(Records supplied Opens)

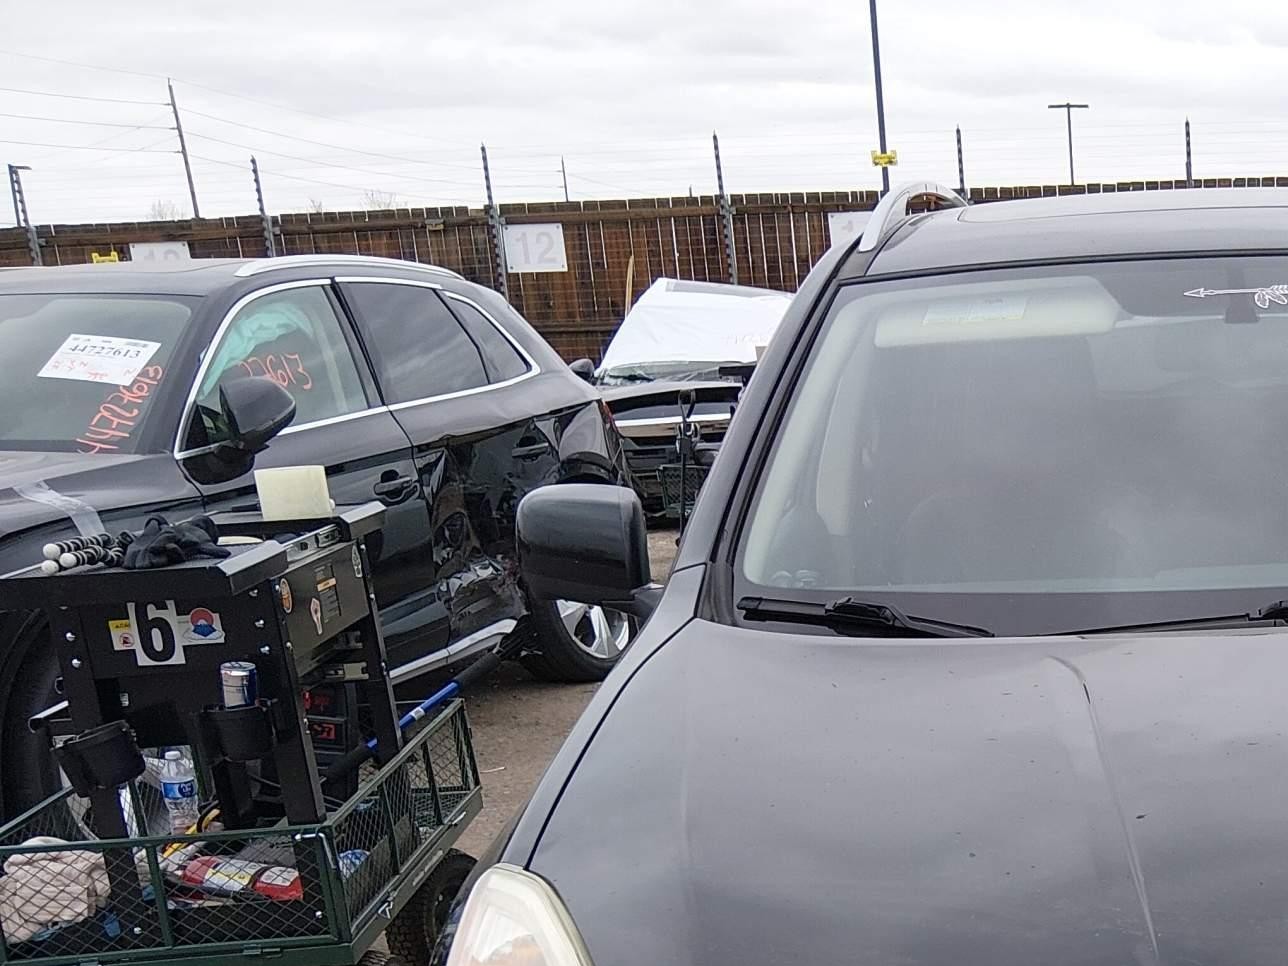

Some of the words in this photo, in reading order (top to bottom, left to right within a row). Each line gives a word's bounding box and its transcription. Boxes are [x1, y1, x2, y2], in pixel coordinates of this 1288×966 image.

[514, 231, 557, 265] 12
[68, 344, 141, 358] 44727613
[134, 598, 176, 662] 6
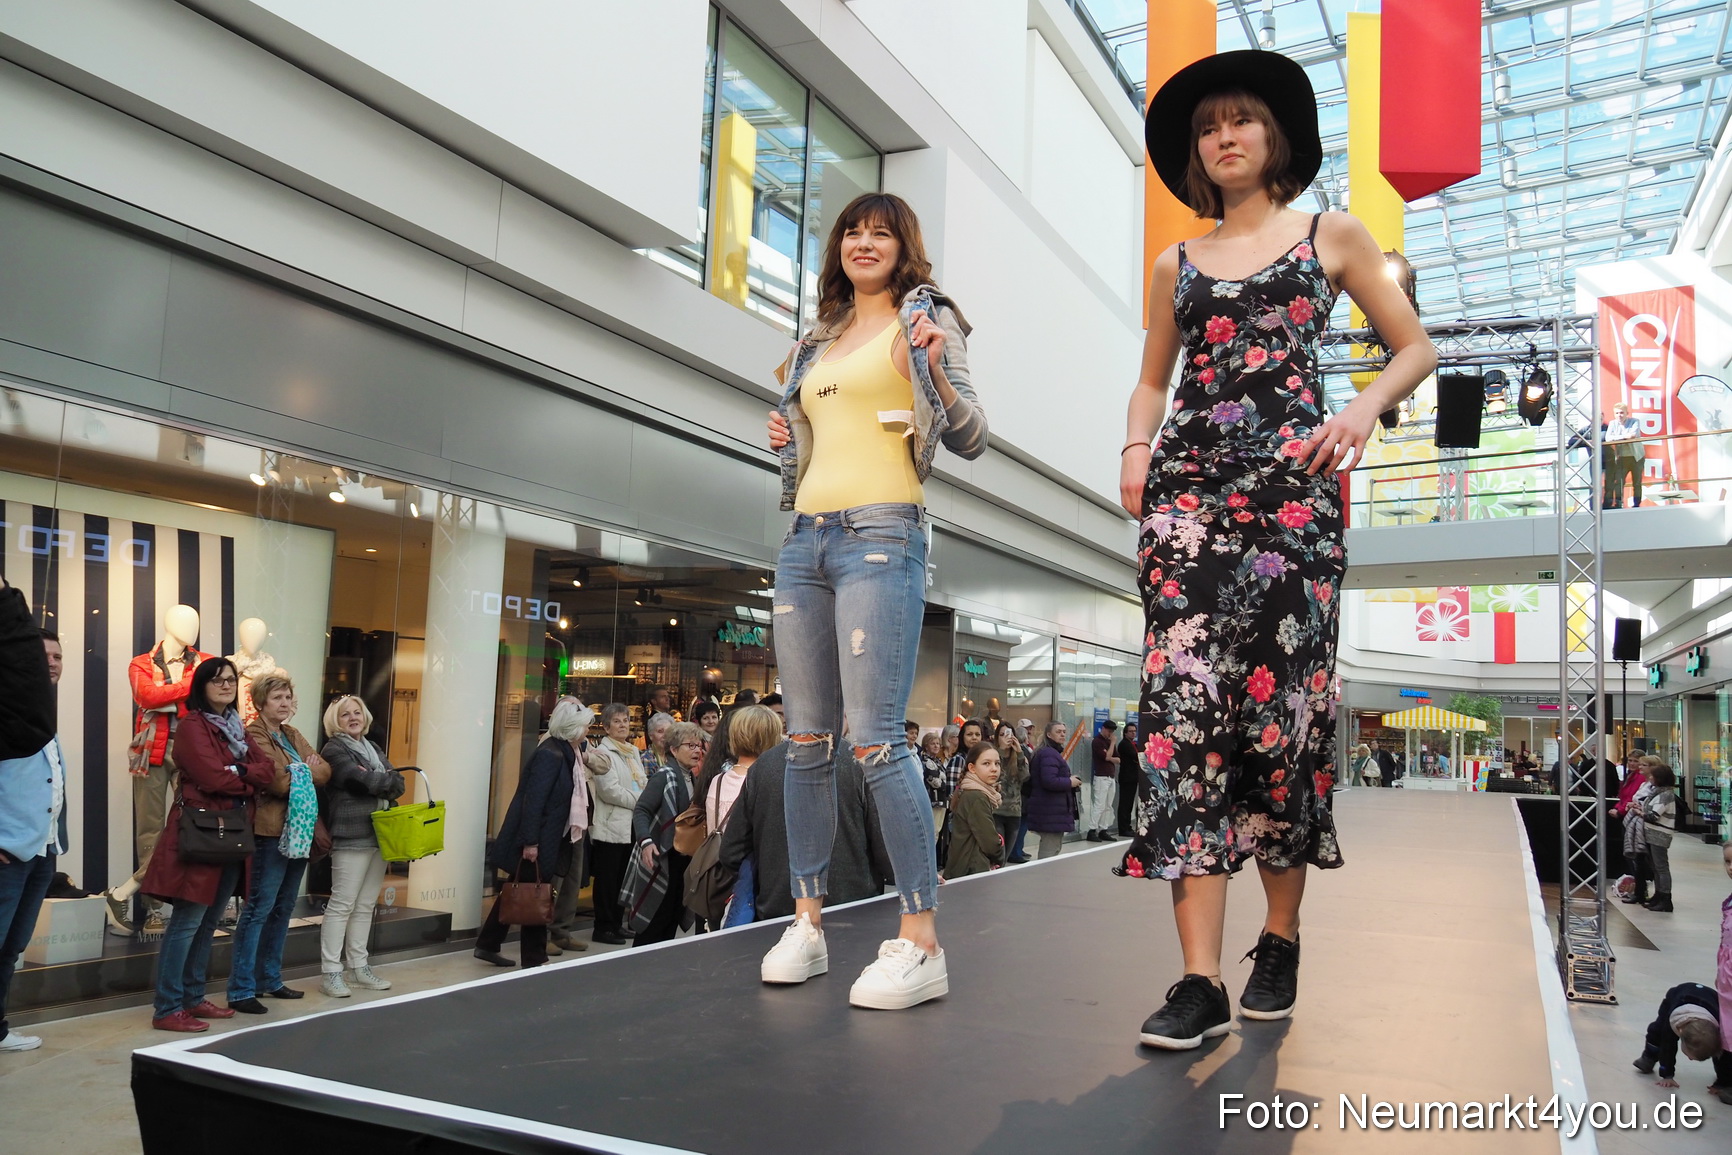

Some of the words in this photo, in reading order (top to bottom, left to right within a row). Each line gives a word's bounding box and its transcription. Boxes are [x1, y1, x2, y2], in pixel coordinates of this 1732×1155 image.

[1623, 313, 1667, 506] CINEPE
[420, 888, 456, 902] MONTI
[59, 932, 68, 943] &
[69, 930, 103, 943] MORE

(Records supplied Closes)

**Exercise brief**: Copy out all the data exactly. The images should not appear in the copy.

**Solution below**:
Some of the words in this photo, in reading order (top to bottom, left to right within a row). Each line gives a word's bounding box and its transcription. Boxes are [x1, y1, x2, y2], in pixel coordinates of this 1288×966 image.

[514, 231, 557, 265] 12
[68, 344, 141, 358] 44727613
[134, 598, 176, 662] 6

Some of the words in this photo, in reading order (top to bottom, left to right within a row). Each line gives a word's bounding box and its transcription. Boxes are [x1, y1, x2, y2], in pixel coordinates of this 1732×1155 image.

[1623, 313, 1667, 506] CINEPE
[420, 888, 456, 902] MONTI
[59, 932, 68, 943] &
[69, 930, 103, 943] MORE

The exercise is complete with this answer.